# Raf waltham dec 2011



## urban phantom (Dec 18, 2011)

Hi all this was more of walk than an explore the reason for this visit was to explore the control tower but its all fenced off now . I also needed to test out my new camera so i hope my pictures are better now any way here is some history for you 
RAF Grimsby was initially opened as a satellite station for RAF Binbrook in November 1941. The station was officially named RAF Grimsby although the name of the nearby village Waltham was used by locals and servicemen.Throughout the war the station was under 1 Group Bomber Command. Three squadrons served at RAF Grimsby during its operation: 142 Squadron, 100 Squadron and 550 Squadron.

The station was closed some weeks prior to the surrender of Germany and the hangars were used by No.35 MU for storage and the flying field reverted to back to agricultural use. Years later the A16 was being improved and a bypass for the village of Holton-le-Clay cut into a large proportion of the station.[1]

Currently a memorial to 100 Squadron stands near the B1 Hangar, next to the northern entrance to Holton-le-Clay.[1] There is a memorial for 550 Squadron at the now disused station RAF North Killingholme and 142 Squadron is said to have a memorial in North Africa.Many of the airfield buildings still survive and are currently in use by a Haulage firm and mechanics. Most of the runways have been ripped up and much of it was used to build the road that leads up to the Humber Bridge. Out of the 30+ dispersals built only one remains to this day.
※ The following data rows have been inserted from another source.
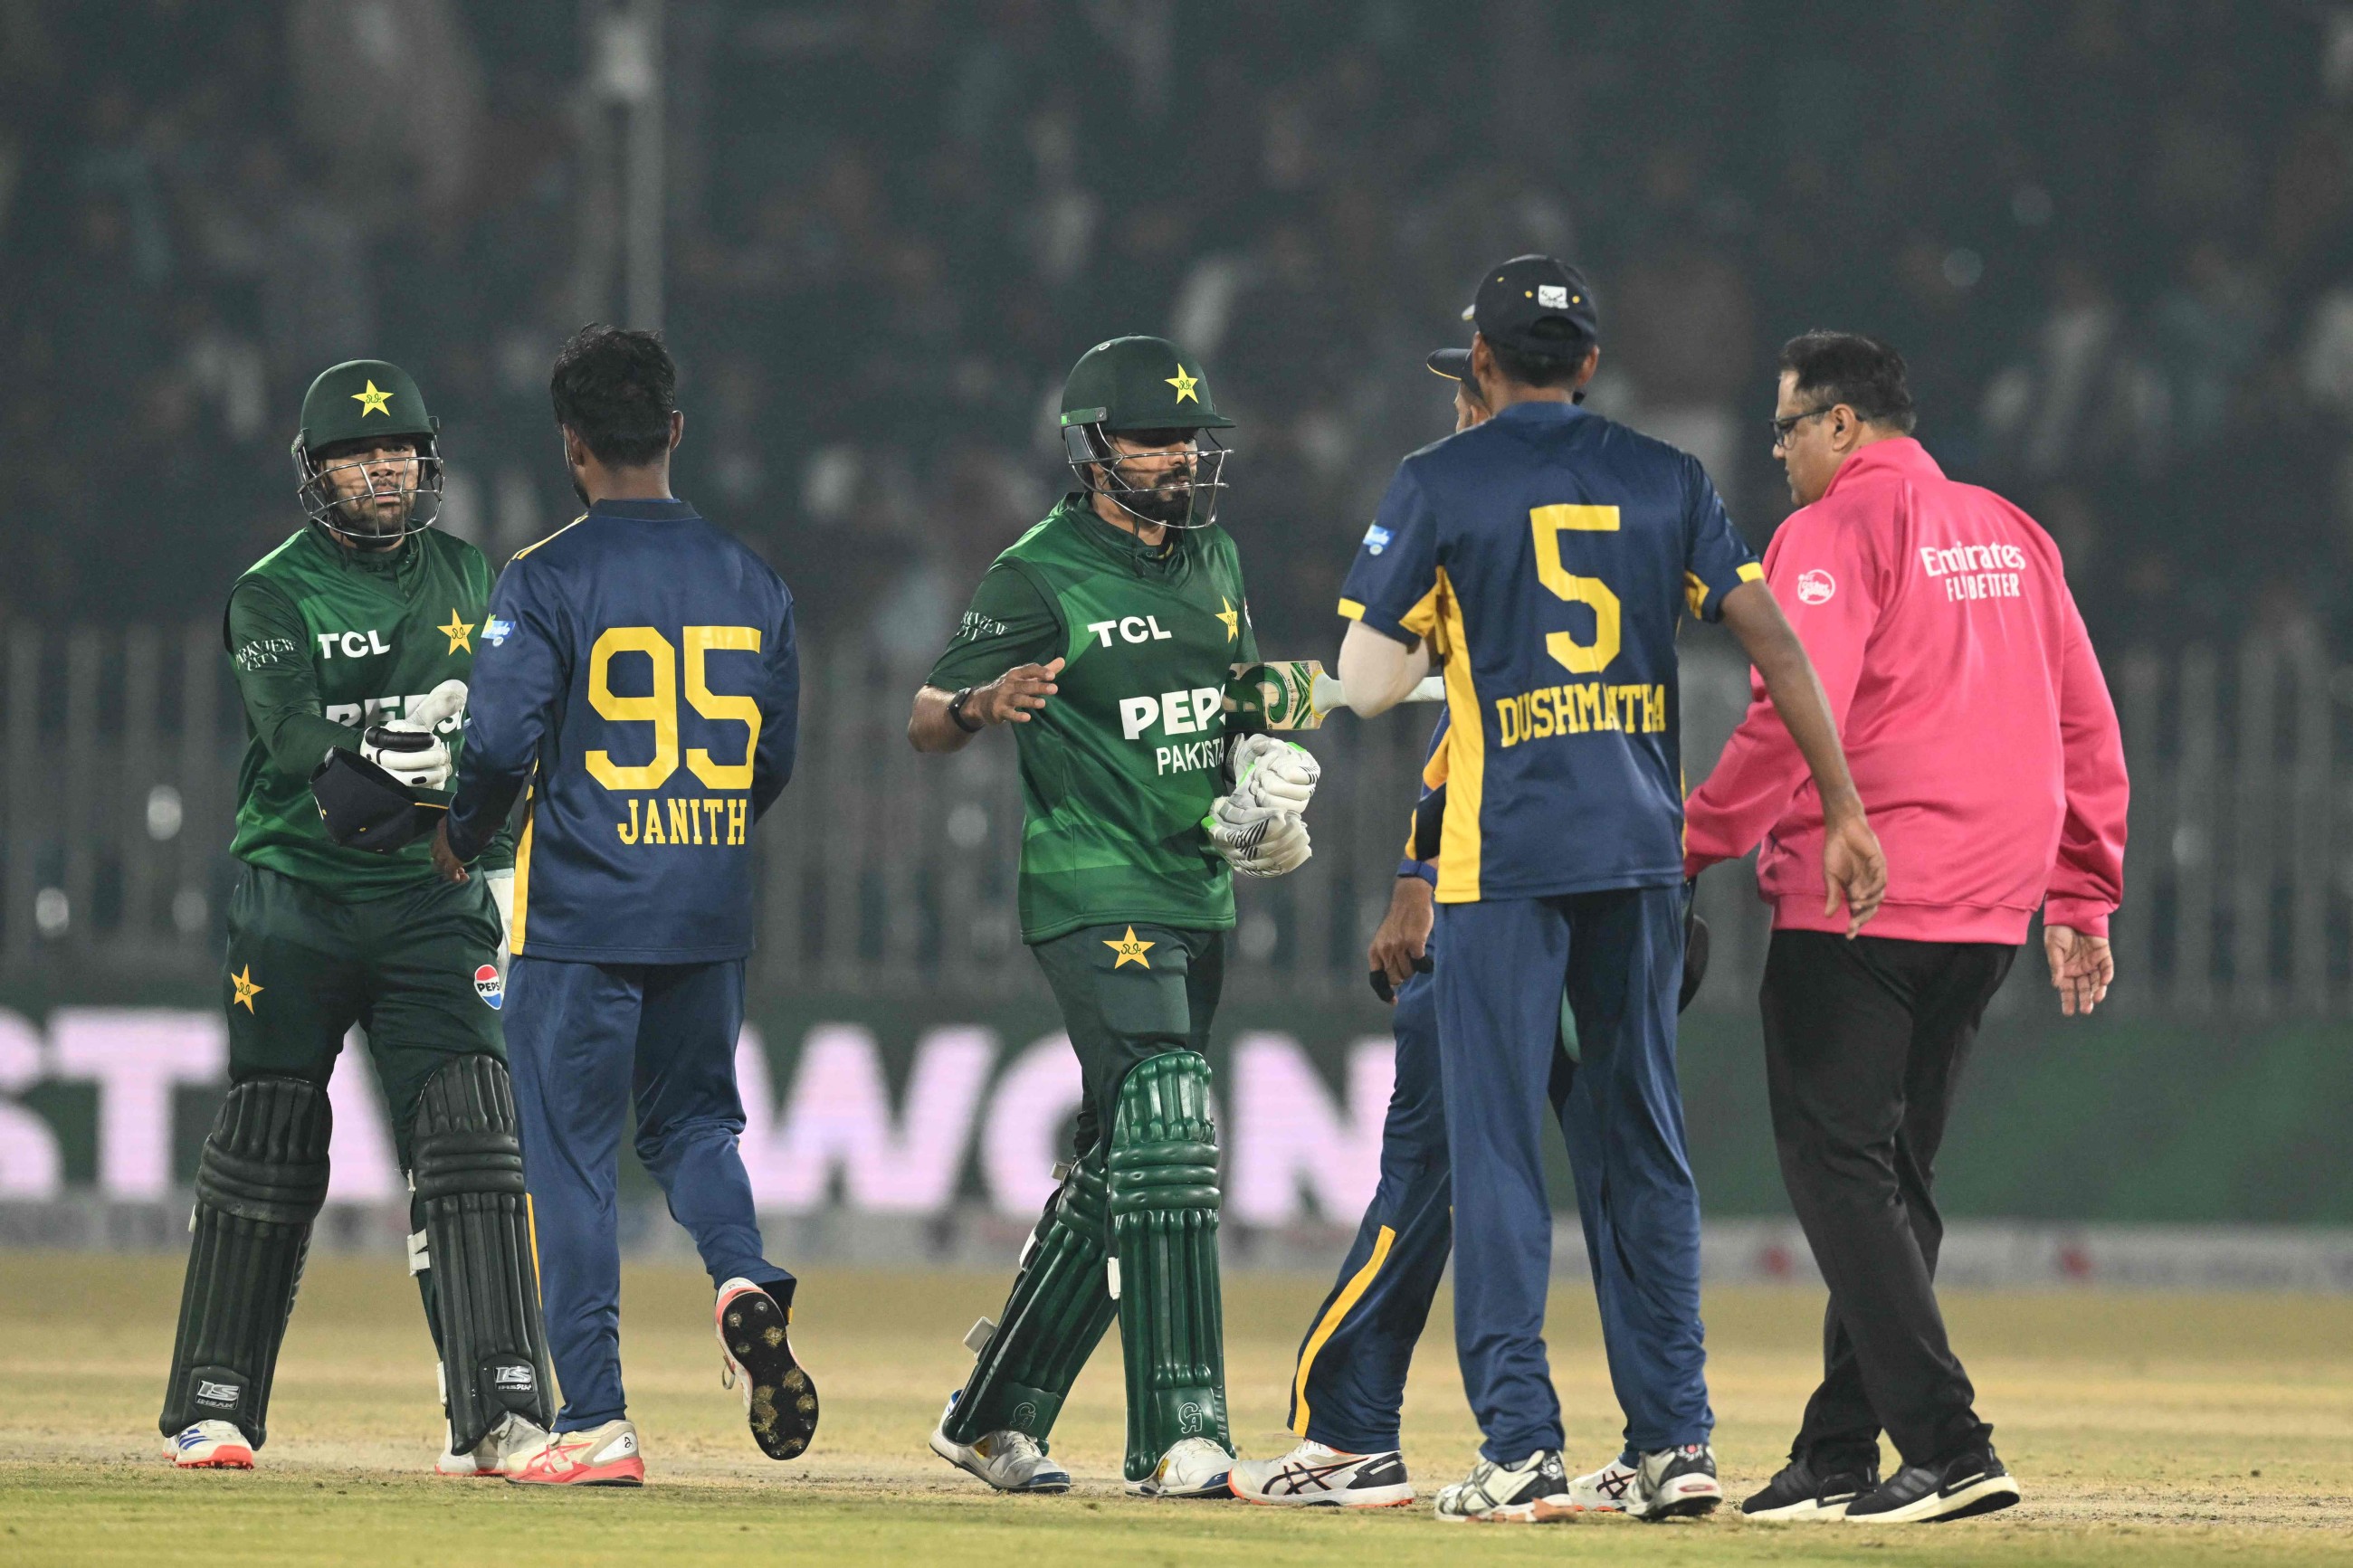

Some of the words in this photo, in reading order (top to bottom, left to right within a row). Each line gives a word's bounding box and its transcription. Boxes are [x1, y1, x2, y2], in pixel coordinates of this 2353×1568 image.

[1920, 541, 2026, 577] Emirates
[1529, 504, 1621, 674] 5
[318, 630, 390, 659] TCL
[1088, 614, 1172, 647] TCL
[586, 626, 763, 790] 95
[1119, 683, 1225, 740] PEP
[617, 798, 748, 845] JANITH
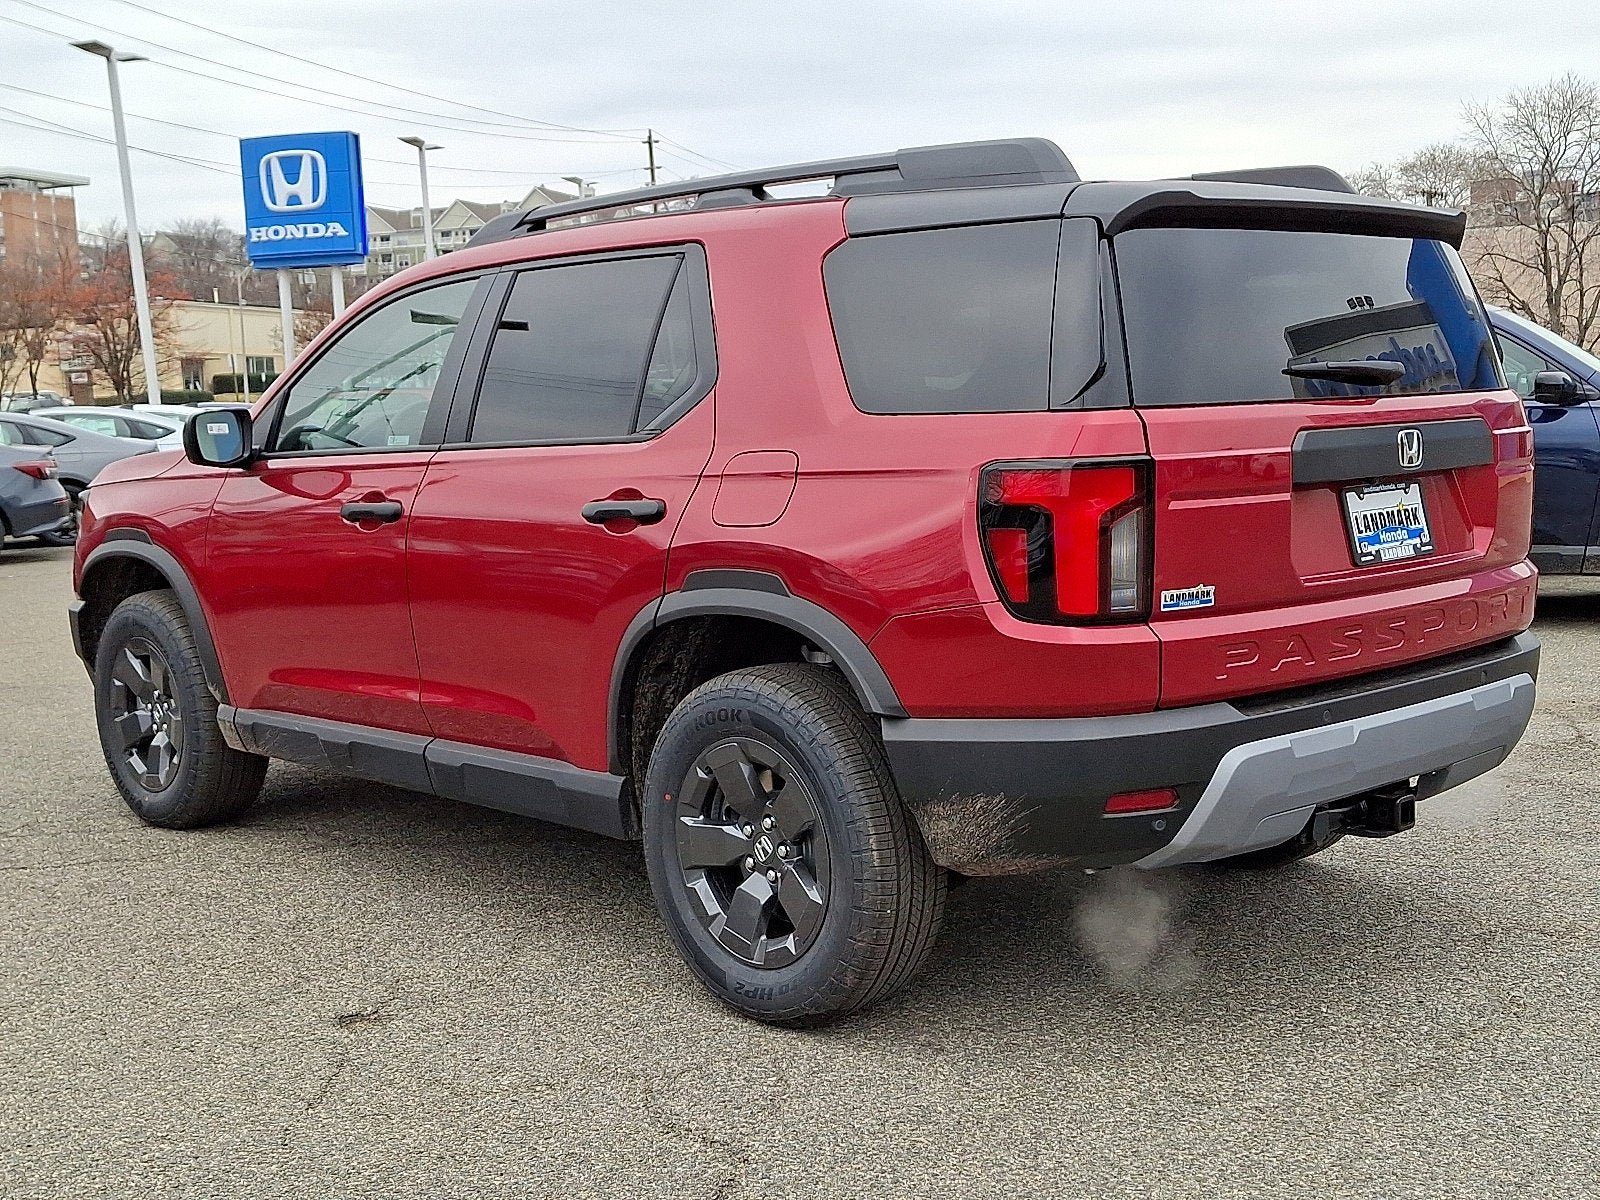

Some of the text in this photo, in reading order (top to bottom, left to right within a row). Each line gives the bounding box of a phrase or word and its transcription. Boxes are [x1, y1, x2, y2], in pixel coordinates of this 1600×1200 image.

It is still quite possible to see the outlines of some from the air however the vast majority have gone.

Notable surviving buildings include the Control Tower, Crew Locker and Dryer Rooms, the Pre-War, B1 and T2 hangars, however much of the station is in a state of disrepair and is also victim to fly-tipping. Old unused farm equipment also litters the station along with various weeds and rubble, and phantoms are also said to dwell there including the body of a headless airman.[2]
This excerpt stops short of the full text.